RECORDS TO USE START

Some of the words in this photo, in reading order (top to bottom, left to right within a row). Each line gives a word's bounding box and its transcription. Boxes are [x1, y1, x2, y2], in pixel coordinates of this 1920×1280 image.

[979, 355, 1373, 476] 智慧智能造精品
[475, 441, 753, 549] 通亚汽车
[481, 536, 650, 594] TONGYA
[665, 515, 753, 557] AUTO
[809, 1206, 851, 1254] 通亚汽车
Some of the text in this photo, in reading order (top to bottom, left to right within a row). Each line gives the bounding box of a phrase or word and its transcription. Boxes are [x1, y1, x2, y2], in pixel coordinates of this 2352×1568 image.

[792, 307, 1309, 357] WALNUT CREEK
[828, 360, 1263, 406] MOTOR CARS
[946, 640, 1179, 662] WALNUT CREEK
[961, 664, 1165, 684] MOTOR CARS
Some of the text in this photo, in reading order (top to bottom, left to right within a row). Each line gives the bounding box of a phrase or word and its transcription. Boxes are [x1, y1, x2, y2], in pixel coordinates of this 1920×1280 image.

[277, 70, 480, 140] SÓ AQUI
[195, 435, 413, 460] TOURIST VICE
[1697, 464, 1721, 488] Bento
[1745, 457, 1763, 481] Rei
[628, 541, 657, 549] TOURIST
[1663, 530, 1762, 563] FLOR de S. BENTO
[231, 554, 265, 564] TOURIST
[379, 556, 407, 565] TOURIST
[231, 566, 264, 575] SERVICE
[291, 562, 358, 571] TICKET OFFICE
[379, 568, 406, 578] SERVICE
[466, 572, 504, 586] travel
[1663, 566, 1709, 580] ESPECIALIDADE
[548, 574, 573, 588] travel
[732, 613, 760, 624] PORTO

RECORDS TO USE END

■ PROBLEM: Go through the records and set every one down exactly.

■ SOLUTION FOR THIS TASK:
Some of the words in this photo, in reading order (top to bottom, left to right within a row). Each line gives a word's bounding box and its transcription. Boxes are [x1, y1, x2, y2], in pixel coordinates of this 1920×1280 image.

[979, 355, 1373, 476] 智慧智能造精品
[475, 441, 753, 549] 通亚汽车
[481, 536, 650, 594] TONGYA
[665, 515, 753, 557] AUTO
[809, 1206, 851, 1254] 通亚汽车
Some of the text in this photo, in reading order (top to bottom, left to right within a row). Each line gives the bounding box of a phrase or word and its transcription. Boxes are [x1, y1, x2, y2], in pixel coordinates of this 2352×1568 image.

[792, 307, 1309, 357] WALNUT CREEK
[828, 360, 1263, 406] MOTOR CARS
[946, 640, 1179, 662] WALNUT CREEK
[961, 664, 1165, 684] MOTOR CARS
Some of the text in this photo, in reading order (top to bottom, left to right within a row). Each line gives the bounding box of a phrase or word and its transcription. Boxes are [x1, y1, x2, y2], in pixel coordinates of this 1920×1280 image.

[277, 70, 480, 140] SÓ AQUI
[195, 435, 413, 460] TOURIST VICE
[1697, 464, 1721, 488] Bento
[1745, 457, 1763, 481] Rei
[628, 541, 657, 549] TOURIST
[1663, 530, 1762, 563] FLOR de S. BENTO
[231, 554, 265, 564] TOURIST
[379, 556, 407, 565] TOURIST
[231, 566, 264, 575] SERVICE
[291, 562, 358, 571] TICKET OFFICE
[379, 568, 406, 578] SERVICE
[466, 572, 504, 586] travel
[1663, 566, 1709, 580] ESPECIALIDADE
[548, 574, 573, 588] travel
[732, 613, 760, 624] PORTO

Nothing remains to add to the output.